Capsaicin, which is the chemical that puts the heat in hot chili peppers, may encourage some kinds of cancer cells to commit suicide; but capsaicin doesn’t seem to have the same effect on healthy cells. This is just one of many ways in which chemicals that are found naturally in plants (phytochemicals) could have an anticancer effect.
Cancer isn’t just one disease. It’s a group of unrelated diseases that all result from the same sort of problem: cells behaving badly. Cancer cells don’t become the kind of cell that they’re supposed to become, and they keep dividing to make new cells long after they were supposed to stop. Sometimes, they travel through the body and settle down in places where they’re not supposed to be. All of these problems result from something going wrong in the cell’s genetic material. Either some genes have been damaged or the switches that are supposed to turn the genes on and off have been stuck in the wrong position. This problem can get started if a cell’s genes are damaged by exposure to radiation or to cancer-causing (carcinogenic) chemicals, such as those in tobacco smoke. The first line of defense against cancer is to reduce the body’s exposure to radiation and other carcinogens.
Even after a cell has gone rogue, the body has several levels of defenses that could stamp out the cancer before it is ever noticed. The first is a self-destruct mechanism that is built into the cell’s genetic instructions. This self-destruction, which is called apoptosis or programmed cell death, causes the cell to break apart into tidy fragments that are quickly and easily devoured by white blood cells. In contrast, when cells die as a result of trauma, they make a mess by spilling their contents into the surrounding fluid.
Programmed cell death plays an important role in sculpting the embryo during early development. If cells are in the wrong place at the wrong time, they get a signal to commit suicide. That’s why most people aren’t born with webbed fingers and toes. Even in a healthy adult, tens of billions of cells undergo programmed cell death every day. Programmed cell death is a natural body process that is supposed to stay in a healthy balance. If too many cells die, the result is tissue shrinkage (atrophy). If too many cells fail to commit suicide, then abnormal cells such as cancer cells can get out of control.

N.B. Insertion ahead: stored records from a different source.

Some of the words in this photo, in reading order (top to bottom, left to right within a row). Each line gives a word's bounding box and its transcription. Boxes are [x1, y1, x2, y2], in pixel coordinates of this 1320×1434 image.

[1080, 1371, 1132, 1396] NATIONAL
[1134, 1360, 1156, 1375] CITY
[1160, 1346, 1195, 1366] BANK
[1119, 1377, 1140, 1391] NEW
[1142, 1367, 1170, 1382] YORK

Programmed cell death is a complicated process that can involve several different pathways and that can be stimulated or suppressed by many different signals. However, the end result is always the same: enzymes called caspases are activated, and they break down the protein structures inside the cell. Some kinds of cancer cells fail to undergo programmed cell death because they have a deficiency of or defect in one of their caspases. These cells may need a little extra encouragement to undergo programmed cell death.
Researchers have reported that capsaicin inhibits the growth of colon tumors. Theoretically, capsaicin could have antitumor effects in other parts of the body because it is easily absorbed from the intestine and carried throughout the body by the bloodstream. One study showed that capsaicin promotes programmed cell death in a particular type of liver cancer cells. Another study showed a similar effect in breast cancer cells.

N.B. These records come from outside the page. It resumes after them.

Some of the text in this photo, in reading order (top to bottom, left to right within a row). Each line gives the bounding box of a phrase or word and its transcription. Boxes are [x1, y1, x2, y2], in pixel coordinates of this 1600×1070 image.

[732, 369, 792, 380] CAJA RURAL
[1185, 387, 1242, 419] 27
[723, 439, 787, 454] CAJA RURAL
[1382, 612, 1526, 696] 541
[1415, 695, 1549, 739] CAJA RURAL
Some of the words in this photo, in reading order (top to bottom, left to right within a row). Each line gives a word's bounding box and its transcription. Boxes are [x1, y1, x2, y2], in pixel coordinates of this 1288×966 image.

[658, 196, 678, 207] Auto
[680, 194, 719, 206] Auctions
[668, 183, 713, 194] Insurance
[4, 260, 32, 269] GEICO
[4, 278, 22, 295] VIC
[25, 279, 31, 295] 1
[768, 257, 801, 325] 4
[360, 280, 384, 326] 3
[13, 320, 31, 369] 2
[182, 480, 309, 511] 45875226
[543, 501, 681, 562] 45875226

The first line of defense against cancer is to avoid radiation, carcinogenic chemicals, and the viral infections that are known to cause cells to become malignant. The second line of defense is to eat a low-fat, high-fiber, plant-based diet, which acts in several different ways to prevent cells from becoming malignant and to suppress the growth of tumors. The promotion of programmed cell death by hot peppers is just one of the ways in which a plant-based diet could help to suppress cancer.